Decía en un texto anterior sobre esa gente con la que uno suele toparse y no sabemos cómo decir tal o cual cosa; tal vez, mandarla un poquito a la M…. (Lo siento, no hay pip que me censure aquí, pero me cuesta escribir ciertas palabras de manera completa, debe ser porque escucho tanto decirlas en: radio, tele, en la calle, en charlas con amigos o no tan amigos que, tal vez, me molesta ese verborrágico tirar “malas palabras”.)

Sigo, si una vez alguien nos dice tal o cual cosa y no sabemos qué decir ¿no sería bueno pertrecharse de ciertas defensas o armar un escudito con el cual poner cierto límite? Digo, como para no tropezar con la misma piedra. Es cierto que más de una vez repito lo de “no hablamos una lengua somos hablados por ella” (con lo cual siento que cada quien se manifiesta tal como es y piensa en las palabras qué dice ¿no es así que todo debería correr por cuenta del emisor del mensaje?).

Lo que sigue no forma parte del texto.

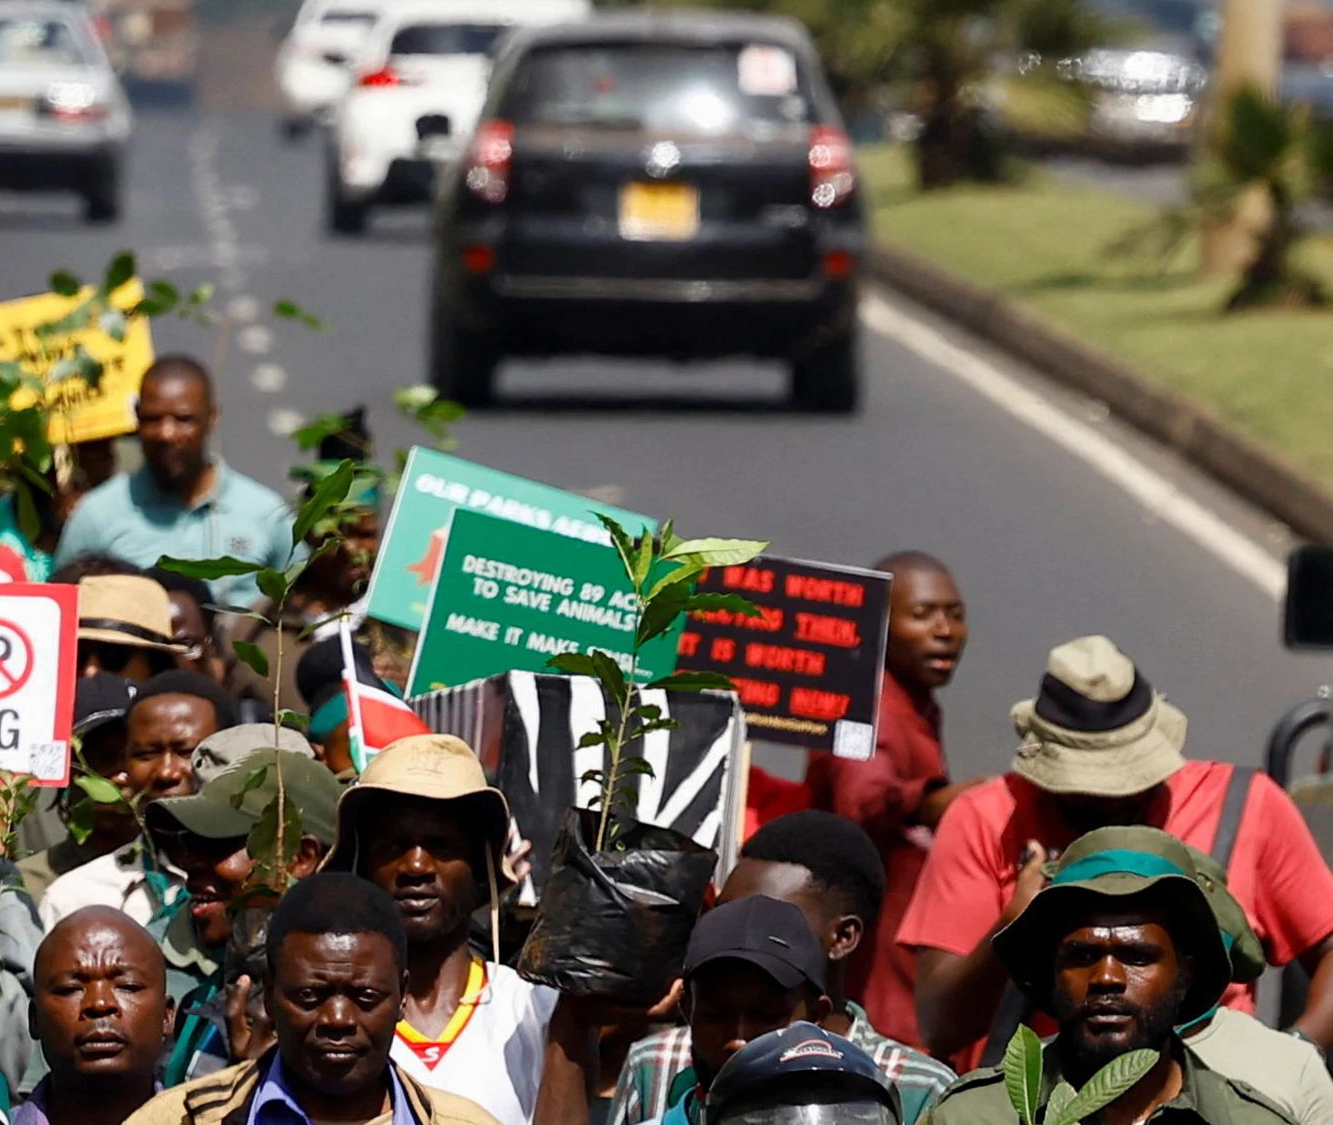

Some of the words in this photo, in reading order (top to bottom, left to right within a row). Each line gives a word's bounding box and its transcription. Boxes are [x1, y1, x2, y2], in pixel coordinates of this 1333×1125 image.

[461, 554, 575, 597] DESTROYING
[579, 581, 606, 603] 89
[472, 577, 500, 600] TO
[503, 585, 553, 613] SAVE
[444, 612, 501, 642] MAKE
[503, 625, 524, 646] IT
[525, 631, 580, 656] MAKE
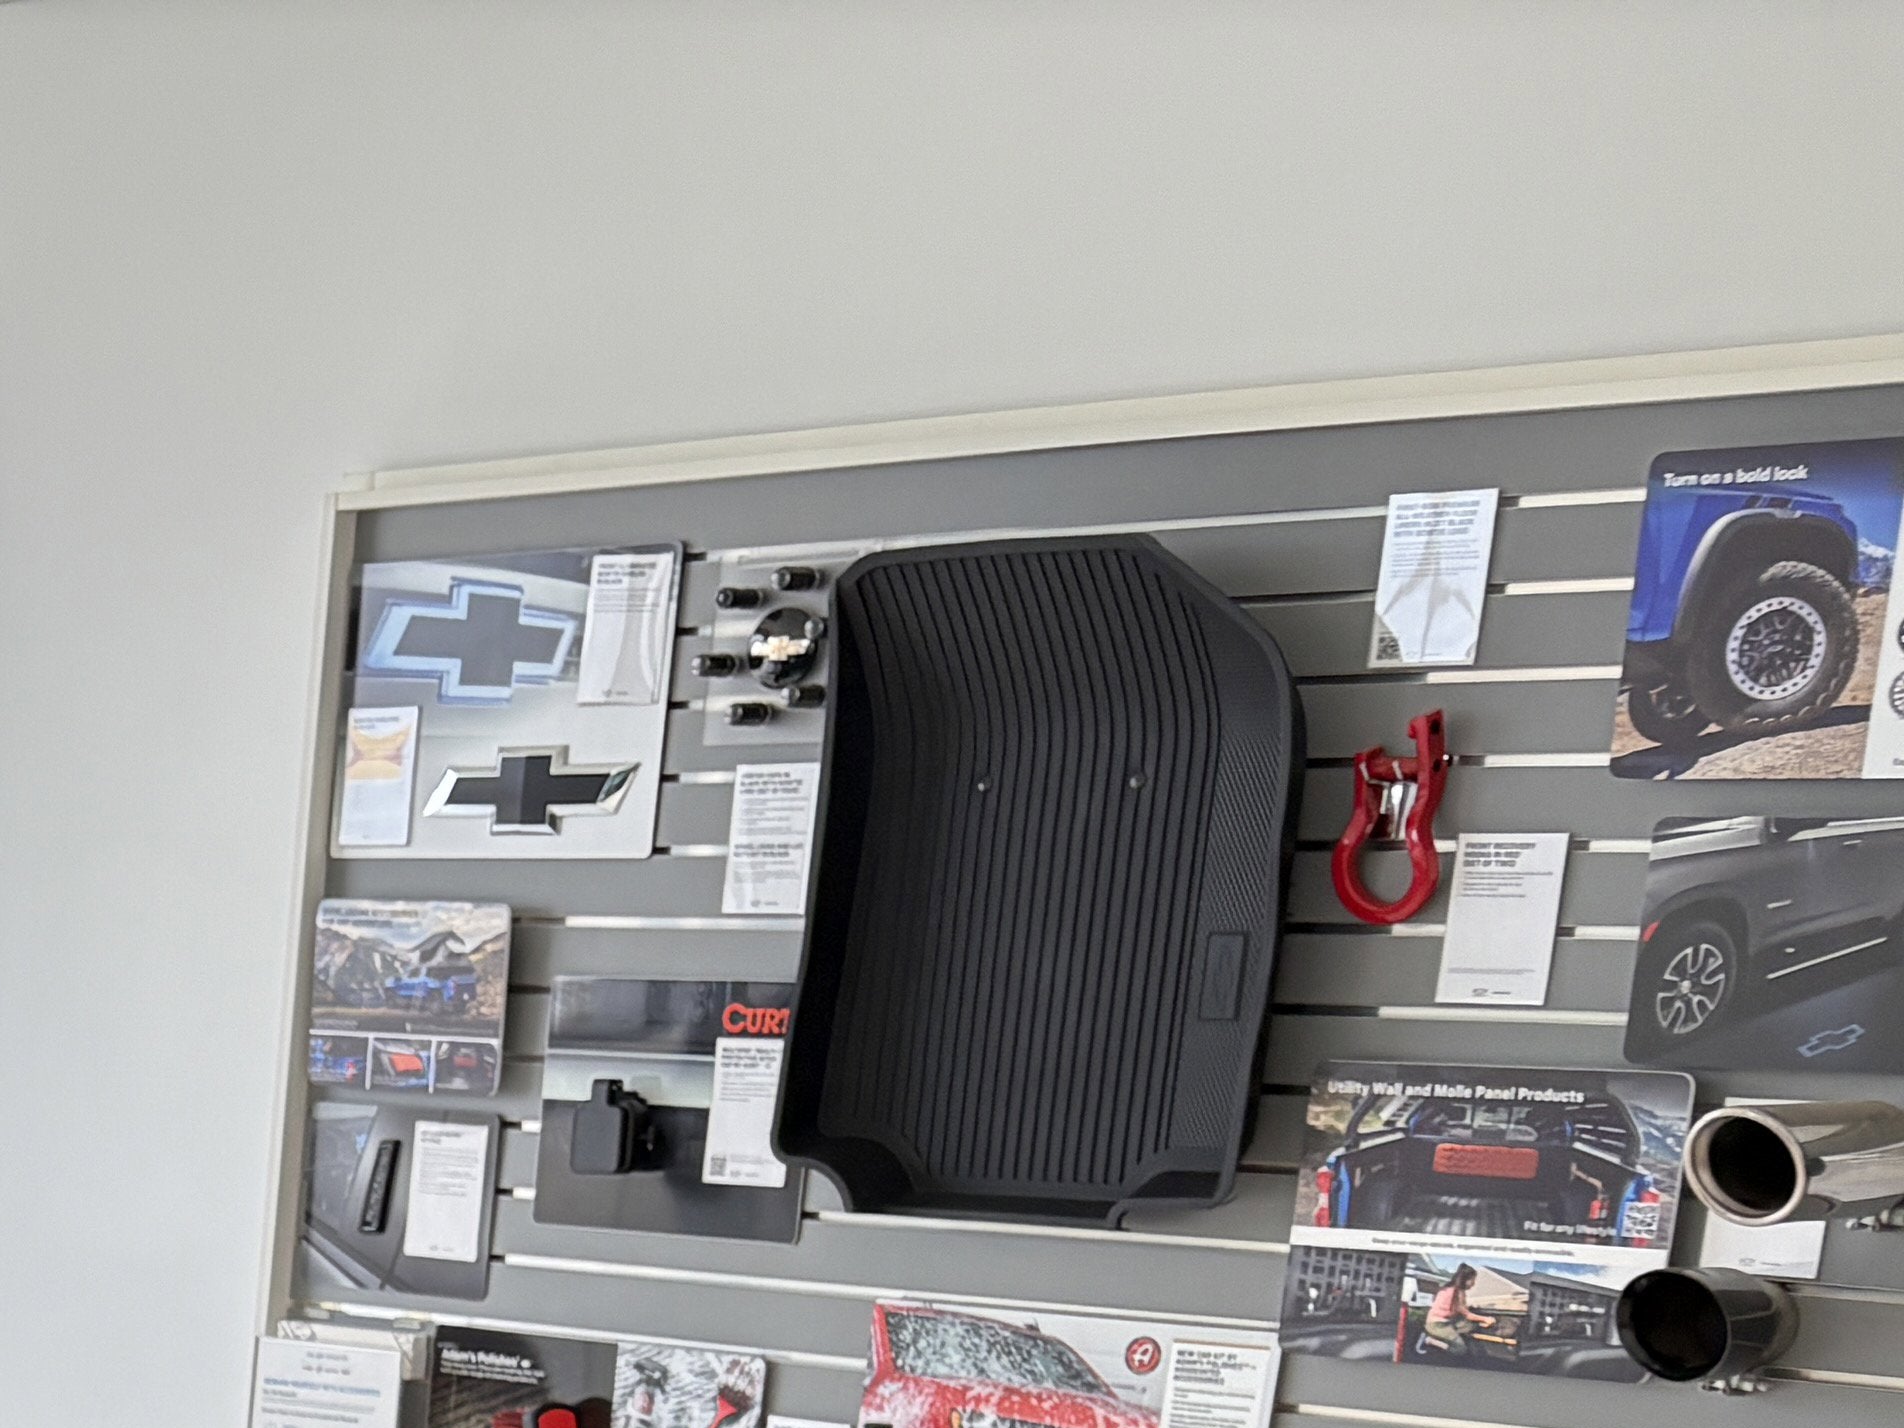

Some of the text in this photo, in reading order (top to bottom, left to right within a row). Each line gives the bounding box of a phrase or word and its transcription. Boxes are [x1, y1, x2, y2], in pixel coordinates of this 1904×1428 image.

[1664, 464, 1809, 488] Turn on a bold look
[1328, 1080, 1370, 1097] Utility
[1373, 1080, 1404, 1097] Wall
[1404, 1083, 1432, 1098] and
[1475, 1084, 1515, 1101] Panel
[1518, 1087, 1585, 1103] Products
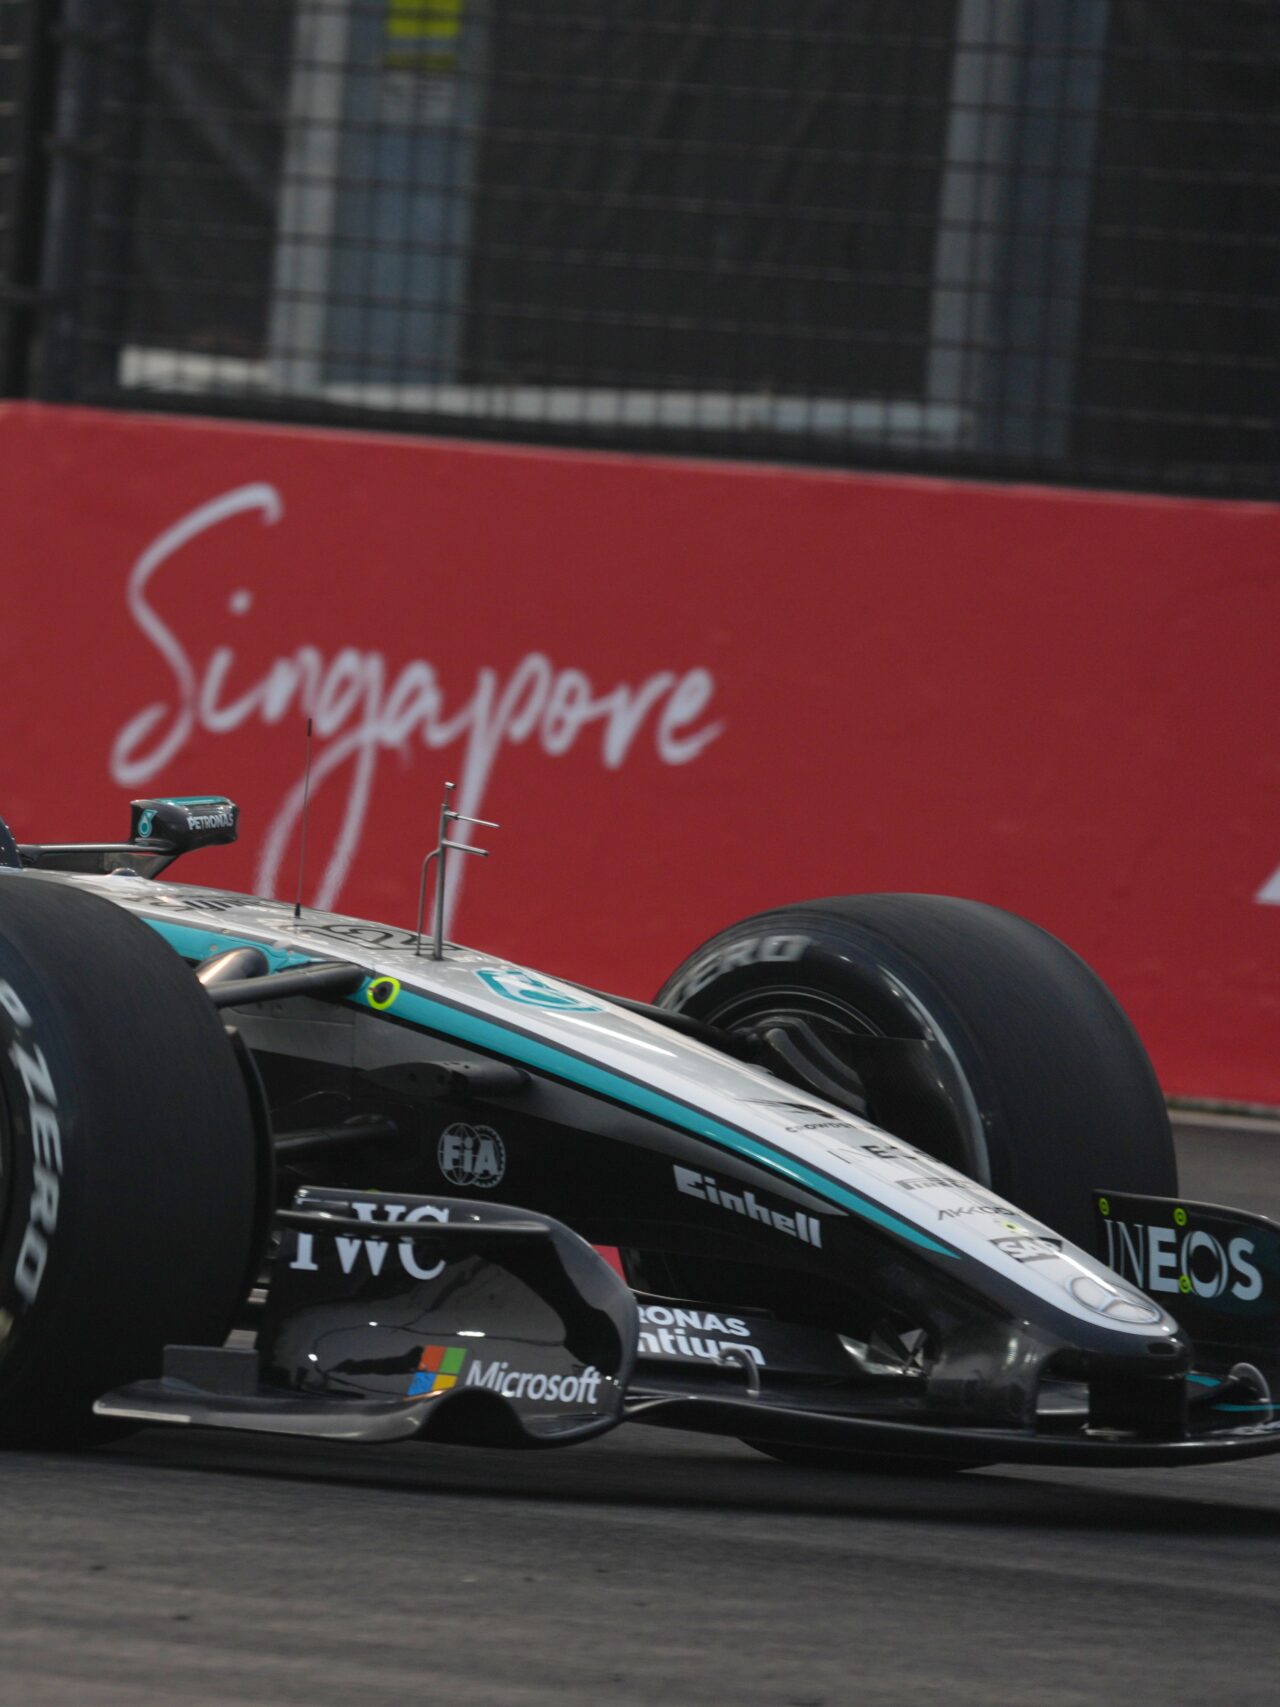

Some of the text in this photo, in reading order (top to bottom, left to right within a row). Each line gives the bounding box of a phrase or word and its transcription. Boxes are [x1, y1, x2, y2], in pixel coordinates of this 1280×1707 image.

[111, 481, 726, 938] Singapore
[187, 812, 235, 831] PETRONAS
[8, 1039, 64, 1305] ZERO
[673, 1164, 822, 1249] Einhell
[289, 1202, 451, 1281] IWC
[1104, 1219, 1263, 1301] INEOS
[465, 1359, 602, 1405] Microsoft

Hace tiempo que no sé cómo delimitar cierto intercambio que me termina por hacer caer en una telaraña de estupideces. Un persona conocida me preguntó ¿Cómo estás? Ilusa de mí, creí que estaba interesada en mi salud, le di detalles del fin de semana en que me internaron, le mostré mis brazos con moretones por las veces que me sacaron sangre, el suero y las etc. A las dos horas de la charla me preguntó si pensé en hacer “x” trabajo para ella. En lugar de poner moño a la situación le contesté “Mirá, esta semana tengo que ir al gastroenterólogo. Hasta que no me den un diagnóstico claro y lo que tengo que hacer. Perdí casi tres kilos de peso en una semana, me siento flojita…”
Terminado el reclamo me hubiera dado unos fuertes tirones de orejas, un coscorrón de insultos por imbécil. Era mi oportunidad de poner fin a trabajar por chauchas y palitos en algo que no me siento cómoda. Bien viene preguntarse ¿quién tiene la culpa, el chancho o el que le da de comer?
Y siguiendo con enredos, me pasé defendiendo a una compañera de trabajo para que le dieran más horas y haciendo hincapié en su capacidad intelectual. Me sentí muy mal cuando pusieron a otra persona en lugar de beneficiarla a ella, tal fue mi empatía que sentí que yo podía ser rechazada de la misma forma. Mi mirada de descontento molestó a mi jefa, el día que me enteré la noticia… Días después se hizo una reunión, mi compañerita dice lo que va a hacer y me salió del alma decirle “Sería bueno que me avises, ese tema lo trato yo con los de tercero”. Mi superior me devolvió la mirada. Un rato después me soltó un “¿Viste? Se corta solita. Vos que siempre la defendés.”

Y sí, a esta altura debo reconocer que el problema es mío. Debería recurrir a una gran tiza y trazar un límite en aceptar lo que me dicen, en lo que doy cuando me piden, en las culpas que siento cuando no doy o sobre lo que digo, etc. etc.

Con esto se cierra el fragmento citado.